## What the exercise asks
Below is a listing; return it in full, exactly as it appears.

## Material provided
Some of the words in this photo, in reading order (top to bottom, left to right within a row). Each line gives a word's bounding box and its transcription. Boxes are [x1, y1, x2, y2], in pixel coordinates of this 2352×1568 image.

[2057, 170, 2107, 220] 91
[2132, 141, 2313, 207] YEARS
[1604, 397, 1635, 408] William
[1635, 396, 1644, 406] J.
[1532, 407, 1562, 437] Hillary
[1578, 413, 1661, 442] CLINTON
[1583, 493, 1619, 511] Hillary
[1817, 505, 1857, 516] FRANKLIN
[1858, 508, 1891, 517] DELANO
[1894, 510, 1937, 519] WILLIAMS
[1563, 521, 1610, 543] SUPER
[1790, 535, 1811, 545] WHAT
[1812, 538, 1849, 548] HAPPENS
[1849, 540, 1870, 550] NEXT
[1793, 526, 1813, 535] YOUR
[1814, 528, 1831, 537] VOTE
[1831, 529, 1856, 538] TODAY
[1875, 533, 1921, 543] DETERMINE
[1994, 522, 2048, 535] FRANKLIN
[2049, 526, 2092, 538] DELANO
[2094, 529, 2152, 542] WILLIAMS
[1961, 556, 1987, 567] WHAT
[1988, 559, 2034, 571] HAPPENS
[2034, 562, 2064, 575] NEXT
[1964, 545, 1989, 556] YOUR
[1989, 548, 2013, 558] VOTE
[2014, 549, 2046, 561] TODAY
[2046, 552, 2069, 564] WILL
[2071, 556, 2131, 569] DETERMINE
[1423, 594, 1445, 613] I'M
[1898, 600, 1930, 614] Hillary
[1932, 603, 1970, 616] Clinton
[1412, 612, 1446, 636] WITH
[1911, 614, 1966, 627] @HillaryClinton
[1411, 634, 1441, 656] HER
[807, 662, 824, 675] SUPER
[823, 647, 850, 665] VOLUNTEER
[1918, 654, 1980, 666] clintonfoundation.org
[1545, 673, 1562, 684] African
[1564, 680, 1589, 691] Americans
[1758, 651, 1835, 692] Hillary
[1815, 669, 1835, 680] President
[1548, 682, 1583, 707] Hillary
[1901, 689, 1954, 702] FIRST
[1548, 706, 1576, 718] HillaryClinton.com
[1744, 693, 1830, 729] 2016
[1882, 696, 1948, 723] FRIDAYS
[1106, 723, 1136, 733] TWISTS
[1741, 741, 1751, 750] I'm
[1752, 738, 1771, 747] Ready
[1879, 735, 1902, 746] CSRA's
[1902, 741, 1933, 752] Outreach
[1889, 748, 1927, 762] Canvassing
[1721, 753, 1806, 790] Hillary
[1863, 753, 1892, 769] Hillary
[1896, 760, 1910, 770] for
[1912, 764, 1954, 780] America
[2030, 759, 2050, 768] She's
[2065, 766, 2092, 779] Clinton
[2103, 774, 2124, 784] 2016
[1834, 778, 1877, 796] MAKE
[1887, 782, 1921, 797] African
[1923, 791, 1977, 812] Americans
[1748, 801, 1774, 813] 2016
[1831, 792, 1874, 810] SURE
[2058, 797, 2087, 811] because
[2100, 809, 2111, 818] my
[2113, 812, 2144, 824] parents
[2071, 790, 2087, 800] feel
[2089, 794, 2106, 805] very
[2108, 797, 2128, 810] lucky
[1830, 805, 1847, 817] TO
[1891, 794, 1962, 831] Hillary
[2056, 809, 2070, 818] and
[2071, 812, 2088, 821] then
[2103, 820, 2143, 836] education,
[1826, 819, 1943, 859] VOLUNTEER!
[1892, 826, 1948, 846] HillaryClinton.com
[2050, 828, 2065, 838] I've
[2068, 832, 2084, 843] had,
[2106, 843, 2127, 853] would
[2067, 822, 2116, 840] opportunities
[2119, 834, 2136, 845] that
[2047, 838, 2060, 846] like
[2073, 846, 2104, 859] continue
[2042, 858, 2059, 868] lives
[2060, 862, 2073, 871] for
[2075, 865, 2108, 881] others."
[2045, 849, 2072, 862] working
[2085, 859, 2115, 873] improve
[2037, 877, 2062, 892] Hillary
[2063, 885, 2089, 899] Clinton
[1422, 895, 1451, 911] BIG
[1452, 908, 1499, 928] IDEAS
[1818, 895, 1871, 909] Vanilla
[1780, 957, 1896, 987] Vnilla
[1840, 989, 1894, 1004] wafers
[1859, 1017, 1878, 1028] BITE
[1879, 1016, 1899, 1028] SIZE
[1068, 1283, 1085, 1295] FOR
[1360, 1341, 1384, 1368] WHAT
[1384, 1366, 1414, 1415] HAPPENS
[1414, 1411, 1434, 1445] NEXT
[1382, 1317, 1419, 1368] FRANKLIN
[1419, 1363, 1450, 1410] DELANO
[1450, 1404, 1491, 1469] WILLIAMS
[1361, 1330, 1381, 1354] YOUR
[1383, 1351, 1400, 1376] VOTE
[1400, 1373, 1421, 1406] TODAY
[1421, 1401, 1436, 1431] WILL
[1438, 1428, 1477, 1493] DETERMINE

## Result for this task
Some of the words in this photo, in reading order (top to bottom, left to right within a row). Each line gives a word's bounding box and its transcription. Boxes are [x1, y1, x2, y2], in pixel coordinates of this 2352×1568 image.

[2057, 170, 2107, 220] 91
[2132, 141, 2313, 207] YEARS
[1604, 397, 1635, 408] William
[1635, 396, 1644, 406] J.
[1532, 407, 1562, 437] Hillary
[1578, 413, 1661, 442] CLINTON
[1583, 493, 1619, 511] Hillary
[1817, 505, 1857, 516] FRANKLIN
[1858, 508, 1891, 517] DELANO
[1894, 510, 1937, 519] WILLIAMS
[1563, 521, 1610, 543] SUPER
[1790, 535, 1811, 545] WHAT
[1812, 538, 1849, 548] HAPPENS
[1849, 540, 1870, 550] NEXT
[1793, 526, 1813, 535] YOUR
[1814, 528, 1831, 537] VOTE
[1831, 529, 1856, 538] TODAY
[1875, 533, 1921, 543] DETERMINE
[1994, 522, 2048, 535] FRANKLIN
[2049, 526, 2092, 538] DELANO
[2094, 529, 2152, 542] WILLIAMS
[1961, 556, 1987, 567] WHAT
[1988, 559, 2034, 571] HAPPENS
[2034, 562, 2064, 575] NEXT
[1964, 545, 1989, 556] YOUR
[1989, 548, 2013, 558] VOTE
[2014, 549, 2046, 561] TODAY
[2046, 552, 2069, 564] WILL
[2071, 556, 2131, 569] DETERMINE
[1423, 594, 1445, 613] I'M
[1898, 600, 1930, 614] Hillary
[1932, 603, 1970, 616] Clinton
[1412, 612, 1446, 636] WITH
[1911, 614, 1966, 627] @HillaryClinton
[1411, 634, 1441, 656] HER
[807, 662, 824, 675] SUPER
[823, 647, 850, 665] VOLUNTEER
[1918, 654, 1980, 666] clintonfoundation.org
[1545, 673, 1562, 684] African
[1564, 680, 1589, 691] Americans
[1758, 651, 1835, 692] Hillary
[1815, 669, 1835, 680] President
[1548, 682, 1583, 707] Hillary
[1901, 689, 1954, 702] FIRST
[1548, 706, 1576, 718] HillaryClinton.com
[1744, 693, 1830, 729] 2016
[1882, 696, 1948, 723] FRIDAYS
[1106, 723, 1136, 733] TWISTS
[1741, 741, 1751, 750] I'm
[1752, 738, 1771, 747] Ready
[1879, 735, 1902, 746] CSRA's
[1902, 741, 1933, 752] Outreach
[1889, 748, 1927, 762] Canvassing
[1721, 753, 1806, 790] Hillary
[1863, 753, 1892, 769] Hillary
[1896, 760, 1910, 770] for
[1912, 764, 1954, 780] America
[2030, 759, 2050, 768] She's
[2065, 766, 2092, 779] Clinton
[2103, 774, 2124, 784] 2016
[1834, 778, 1877, 796] MAKE
[1887, 782, 1921, 797] African
[1923, 791, 1977, 812] Americans
[1748, 801, 1774, 813] 2016
[1831, 792, 1874, 810] SURE
[2058, 797, 2087, 811] because
[2100, 809, 2111, 818] my
[2113, 812, 2144, 824] parents
[2071, 790, 2087, 800] feel
[2089, 794, 2106, 805] very
[2108, 797, 2128, 810] lucky
[1830, 805, 1847, 817] TO
[1891, 794, 1962, 831] Hillary
[2056, 809, 2070, 818] and
[2071, 812, 2088, 821] then
[2103, 820, 2143, 836] education,
[1826, 819, 1943, 859] VOLUNTEER!
[1892, 826, 1948, 846] HillaryClinton.com
[2050, 828, 2065, 838] I've
[2068, 832, 2084, 843] had,
[2106, 843, 2127, 853] would
[2067, 822, 2116, 840] opportunities
[2119, 834, 2136, 845] that
[2047, 838, 2060, 846] like
[2073, 846, 2104, 859] continue
[2042, 858, 2059, 868] lives
[2060, 862, 2073, 871] for
[2075, 865, 2108, 881] others."
[2045, 849, 2072, 862] working
[2085, 859, 2115, 873] improve
[2037, 877, 2062, 892] Hillary
[2063, 885, 2089, 899] Clinton
[1422, 895, 1451, 911] BIG
[1452, 908, 1499, 928] IDEAS
[1818, 895, 1871, 909] Vanilla
[1780, 957, 1896, 987] Vnilla
[1840, 989, 1894, 1004] wafers
[1859, 1017, 1878, 1028] BITE
[1879, 1016, 1899, 1028] SIZE
[1068, 1283, 1085, 1295] FOR
[1360, 1341, 1384, 1368] WHAT
[1384, 1366, 1414, 1415] HAPPENS
[1414, 1411, 1434, 1445] NEXT
[1382, 1317, 1419, 1368] FRANKLIN
[1419, 1363, 1450, 1410] DELANO
[1450, 1404, 1491, 1469] WILLIAMS
[1361, 1330, 1381, 1354] YOUR
[1383, 1351, 1400, 1376] VOTE
[1400, 1373, 1421, 1406] TODAY
[1421, 1401, 1436, 1431] WILL
[1438, 1428, 1477, 1493] DETERMINE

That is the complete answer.